Tasks that use limited cognitive capacity, allow for corrections and adjustments, and are primarily bottlenecked by time, skill, and material resources. Example: most jobs, tasks of daily living, sailing competitions.
I think that scenarios (1) and (2) are the best candidates for the hypothesis of greater functional impairment effects relative to limited and modest cognitive function deficits, and scenario (3) is best for the hypothesis that modest and limited cognitive function deficits aren’t too concerning.
Some challenges might even be mixed. For example, we could imagine that in school coursework, learning is bottlenecked by hours of study in general. However, on exams, for well-prepared students, hours of sleep might become the limiting factor on their performance. Hence, an idealized study strategy might want to routinely sacrifice some sleep in exchange for more study time, but then increase sleep on the days leading up to an exam.
Under this mixed framework, a strategic sleep regimen would be flexible, based on the specific performance demands the person in question was facing.
Note that one of my meta-analyses found that (the absolute value of) the effect size of sleep restriction on attention is higher when the comparison group undergoes sleep extension rather than when it undergoes no intervention.
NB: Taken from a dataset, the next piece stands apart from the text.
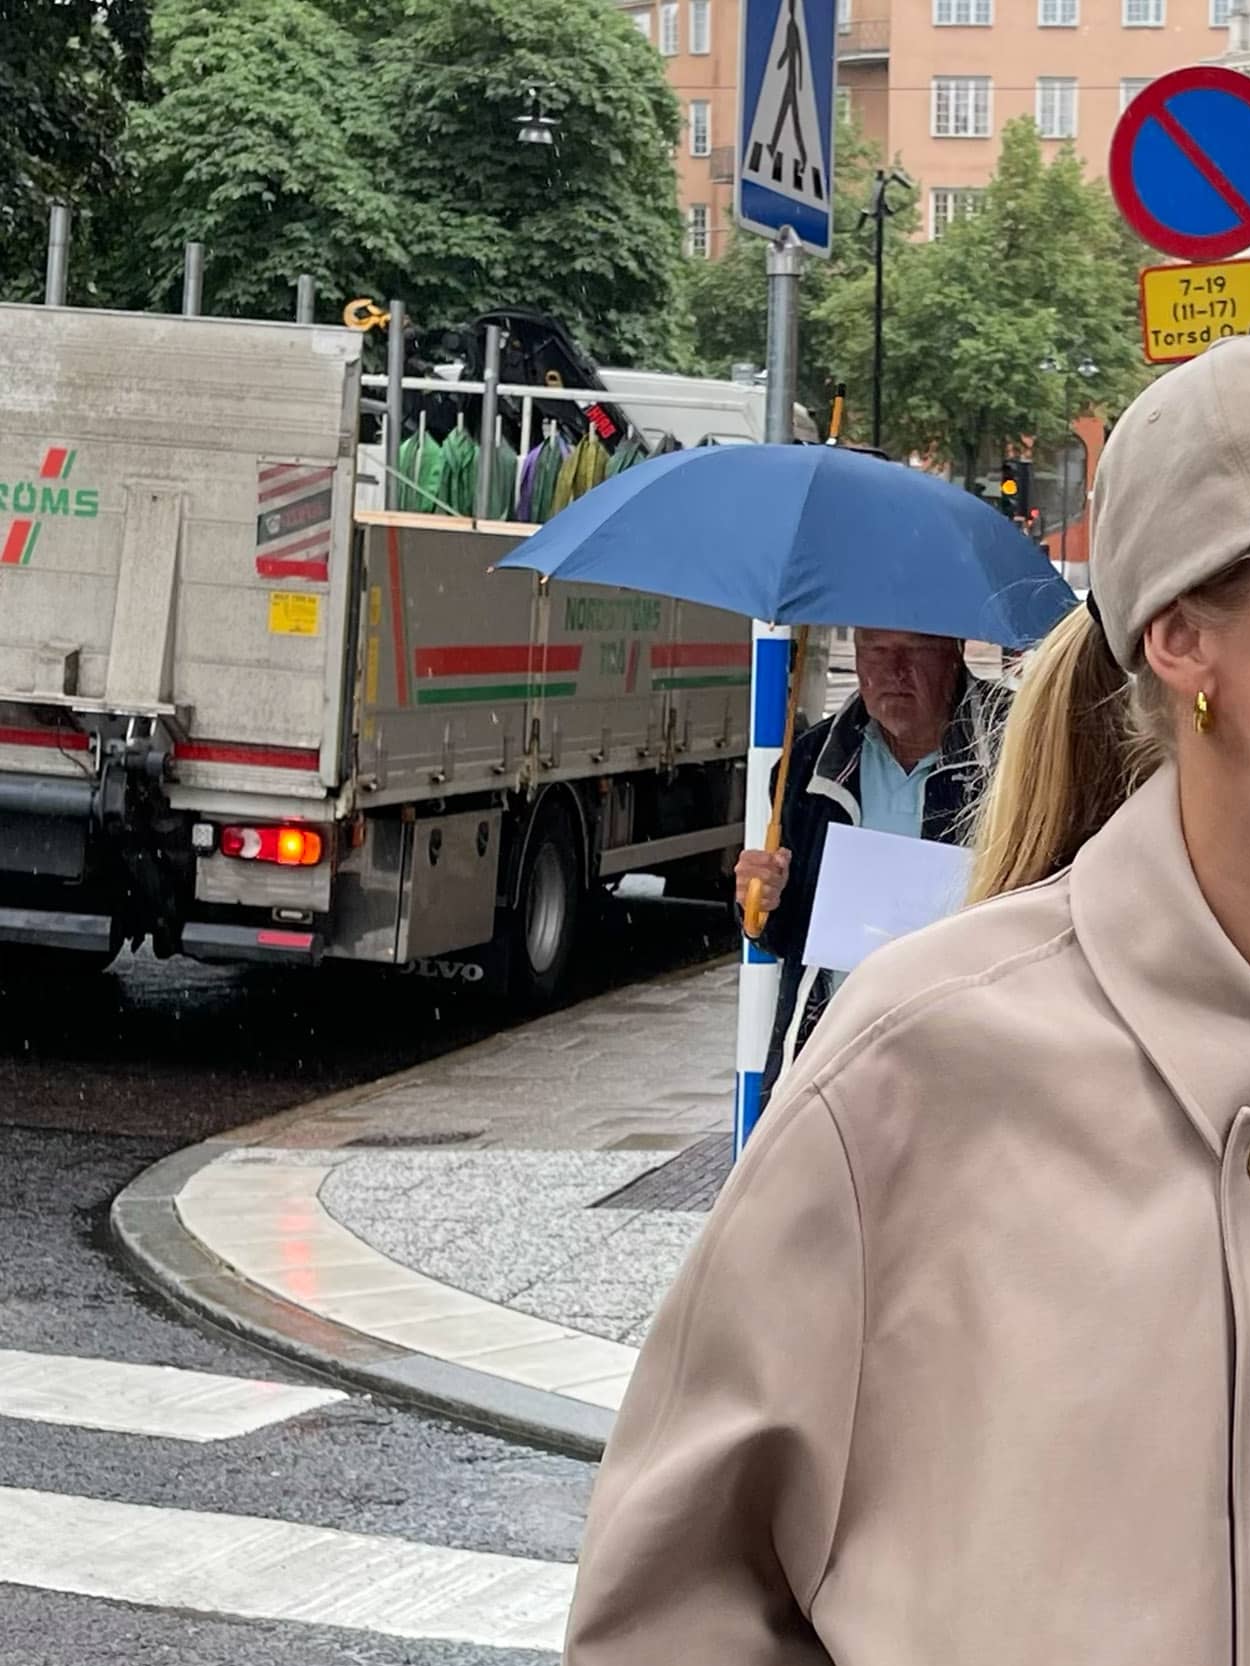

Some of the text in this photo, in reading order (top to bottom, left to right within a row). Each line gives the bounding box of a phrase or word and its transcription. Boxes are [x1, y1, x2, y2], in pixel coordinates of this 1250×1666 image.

This is at least weak evidence that the dose-response relationship between sleep duration and cognition doesn’t flatten out once you get to the average amount of time people sleep.
I’ll check into this when I have time—it’s interesting!
The meta-analysis itself tells you the average sleep deficit across the studies compared with age-adjusted sleep recommendations, as I pointed out in my post, and that number is probably more relevant than those averages.
The sleep times I referred to track closely with the average age-adjusted sleep deprivations, but you are right that it would have been more apt to choose the latter instead of the former. I simply find it more intuitive to gauge what X hours of sleep feels like than Y hours of sleep deprivation.
Edit:
As a followup, I’m not sure how to think about the relationship between single-factor cognitive effects and broad functional effects.
At first glance, it seems to me that if we hypothesize that a single-factor cognitive deficit corresponds to broad functional impairment, that we’re essentially saying that you’re held back by whatever cognitive faculty is furthest below baseline. That in turn would indicate that any single-factor cognitive improvements obtained by sleep extension (i.e. alertness) would not correspond to functional improvements, if any cognitive factors fail to be improved by sleep extension.
On the other hand, it could be that, in either direction, the cognitive factors that are harmed/helped by sleep adjustments happen to be the load-bearing factors for most activities. Maybe executive function and sustained attention are the limiting cognitive resource for most people at baseline, and alertness is the typical limiting cognitive resource above that. If that were true, we’d expect to see broad functional improvements or impairments across wider ranges of sleep adjustment.
I’m most inclined toward the idea that tasks have a heterogeneous relationship with particular cognitive capacities, and thus with the impact of sleep. This suggests that people can reap the most benefit by tailoring their sleep schedule to their particular requirements.
Busy parents with regular jobs that aren’t too cognitively demanding or hazardous might benefit most from a couple extra hours of wakefulness every day to get things done, and indeed, they often seem to opt for that strategy. By contrast, airlines apparently have strict policies for how long pilots must sleep before a shift, and I’ve also heard an anecdote from a biologist in a BSL4 facility that they don’t do inoculations unless they’re in absolutely tip-top cognitive shape. If they got bad sleep, or woke up with a crick in their neck, they reschedule.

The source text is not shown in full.